Hablábamos de Nano y de Luis García. De Albelda y Baraja. Cogíamos el tren elevado de Chicago y discutíamos sobre Lardín y Vieri. En las áreas de descanso, yo entraba para comprar una bolsa de M&M y ella se quedaba reponiendo gasolina, con su sombrero, las gafas de sol y los pantalones de pescador. A veces, entendía lo que me decían. A veces, no, y entonces me ponía muy nervioso y sonreía como un idiota.
Recordábamos a Jonathan, el del Rácing, y a Iniesta. Yo le contaba todo lo que pasó desde el partido del Bernabéu hasta la final de Roma. Atravesábamos estados y en los hoteles poníamos series de los 80 o programas de supervivencia. Fantaseábamos con beber nuestra propia orina. Un policía en bicicleta nos dijo qué puente teníamos que cruzar para pasar al otro lado de Portland, una ciudad a capas. Los dos estábamos de acuerdo en que el Barcelona necesitaba dos mediocampistas y uno de ellos tenía que ser Cesc.

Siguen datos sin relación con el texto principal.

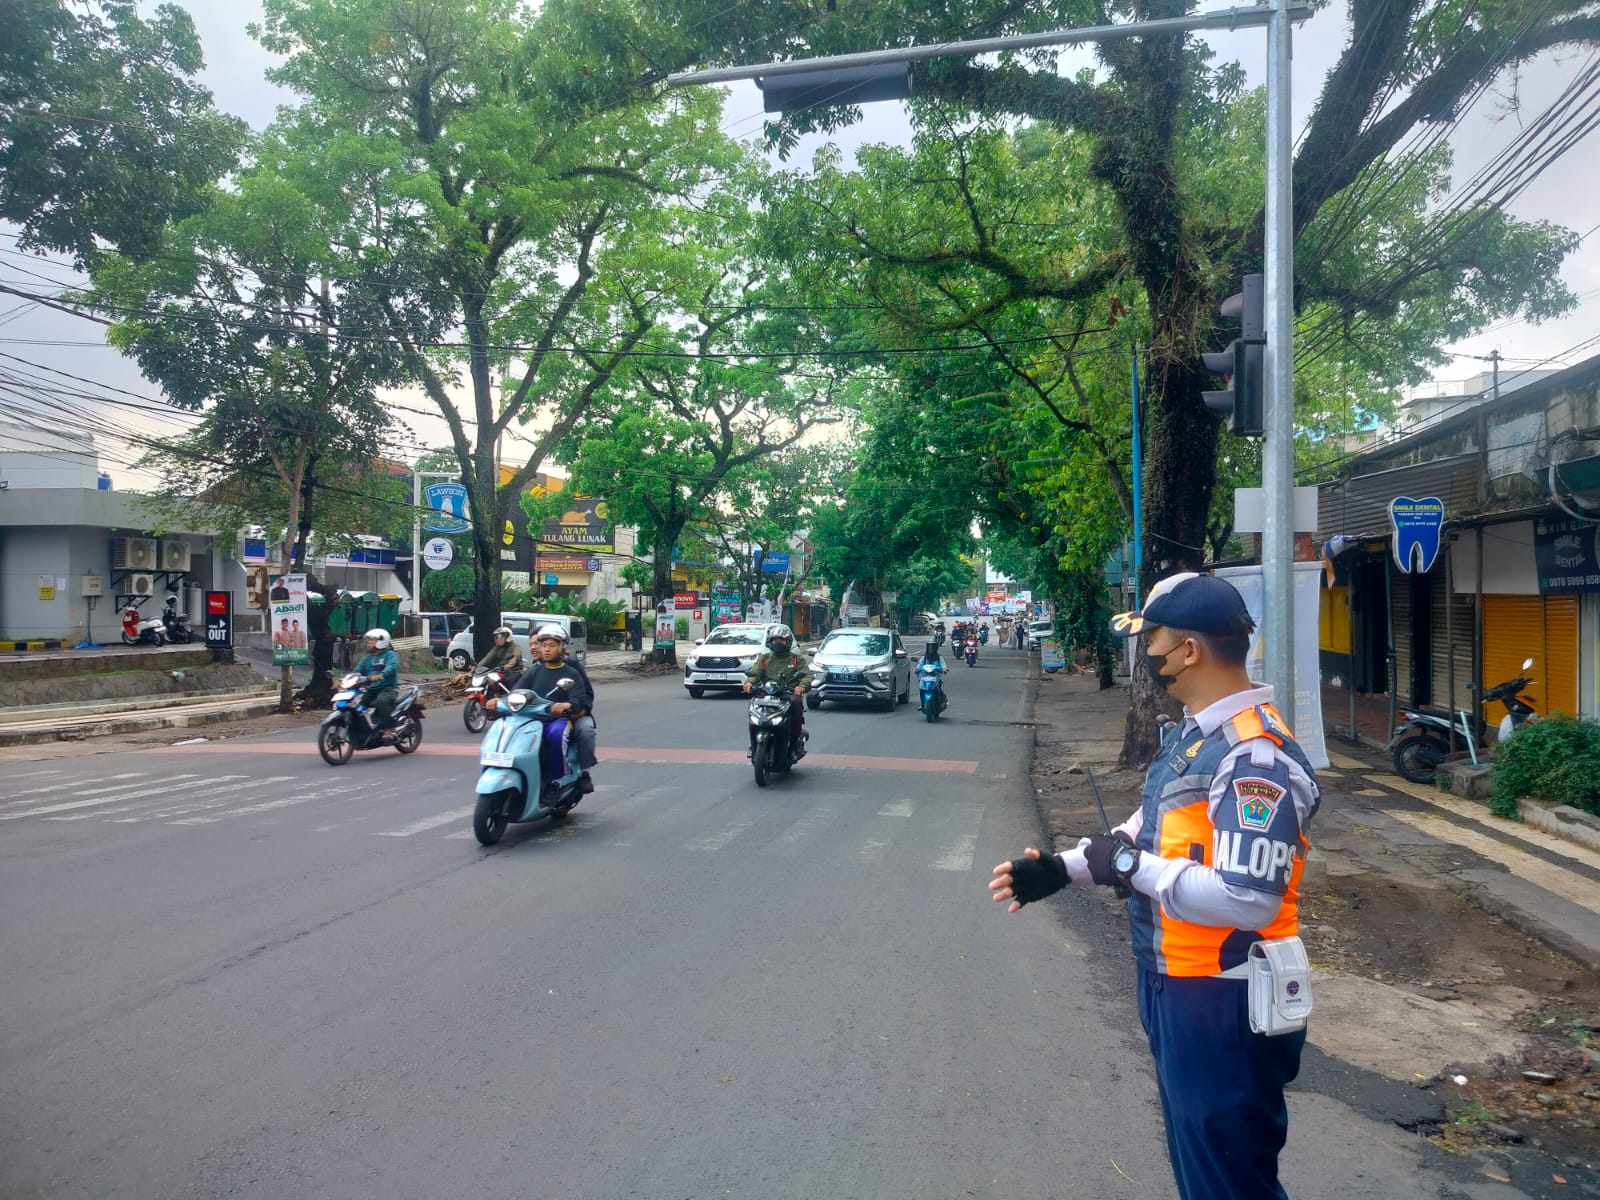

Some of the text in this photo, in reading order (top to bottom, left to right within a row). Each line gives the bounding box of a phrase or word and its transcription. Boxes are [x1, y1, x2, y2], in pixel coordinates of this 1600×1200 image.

[561, 527, 587, 535] AYAM
[543, 534, 607, 543] TULANG LUNAK
[1554, 534, 1581, 550] SMILE
[1555, 553, 1586, 569] DENTAL
[694, 611, 701, 619] P
[208, 629, 227, 641] OUT

Ella se desesperaba: "¿Por qué no lo fichan?", como si todo fuera así de fácil. Actos de voluntad. Entonces nos levantábamos y andábamos y acabábamos comiendo alguna hamburguesa de búfalo y algo de ensalada. Hablaba por el móvil todo el rato. Con España y con Nueva York. A veces, con Pittsburgh. Yo me metía en el coche a leer a Bolaño o a Vila-Matas y ella jugaba a darle con un palo enorme a una pelotita de papel de plata.
Se levantaba antes para llevar a Ramón a los distintos mecánicos. Yo me pasaba la mañana americana mirando Internet.
En Grand Teton se compró una revista de esas que hablan todo el rato de Jennifer Aniston, Lady Gaga, Angelina Jolie y los Jonas Brothers. Yo me compré la Sports Illustrated. Veíamos la televisión y de repente aparecía Bruce Willis, con total naturalidad. En Times Square las chicas guapas presentaban en directo con una enorme sonrisa.
Todo era "awesome". Todo el rato. A veces, incluso "ridiculous".
Ella pensaba que el Valencia iba a jugar por el descenso pero yo le decía que no, que ningún equipo con Mata, Silva y Villa de delanteros puede jugar por el descenso y entonces recordábamos el Atleti de la 1999-2000: Valerón, Baraja, Hasselbaink, Gamarra, Ayala, Molina... No sabíamos si Capdevila ya jugaba entonces allí o seguía en el Espanyol o ya había fichado por el Deportivo.
Le intenté explicar en un restaurante italiano por qué España tenía asegurado el futuro en baloncesto y lo improbable de todo aquello. Repasamos alineaciones del Estudiantes y cánticos de la Demencia en un bar subterráneo de Pendleton.
Era como estar con alguien que tuviera el mundo sobre sus hombros todo el rato y quisiera olvidarse. Cuando uno ya tiene el mundo no quiere hablar del mundo, quiere hablar de cualquier otra cosa. Darle con un palo a una pelota de papel de plata.
El resto del tiempo, sencillamente, me cuidaba.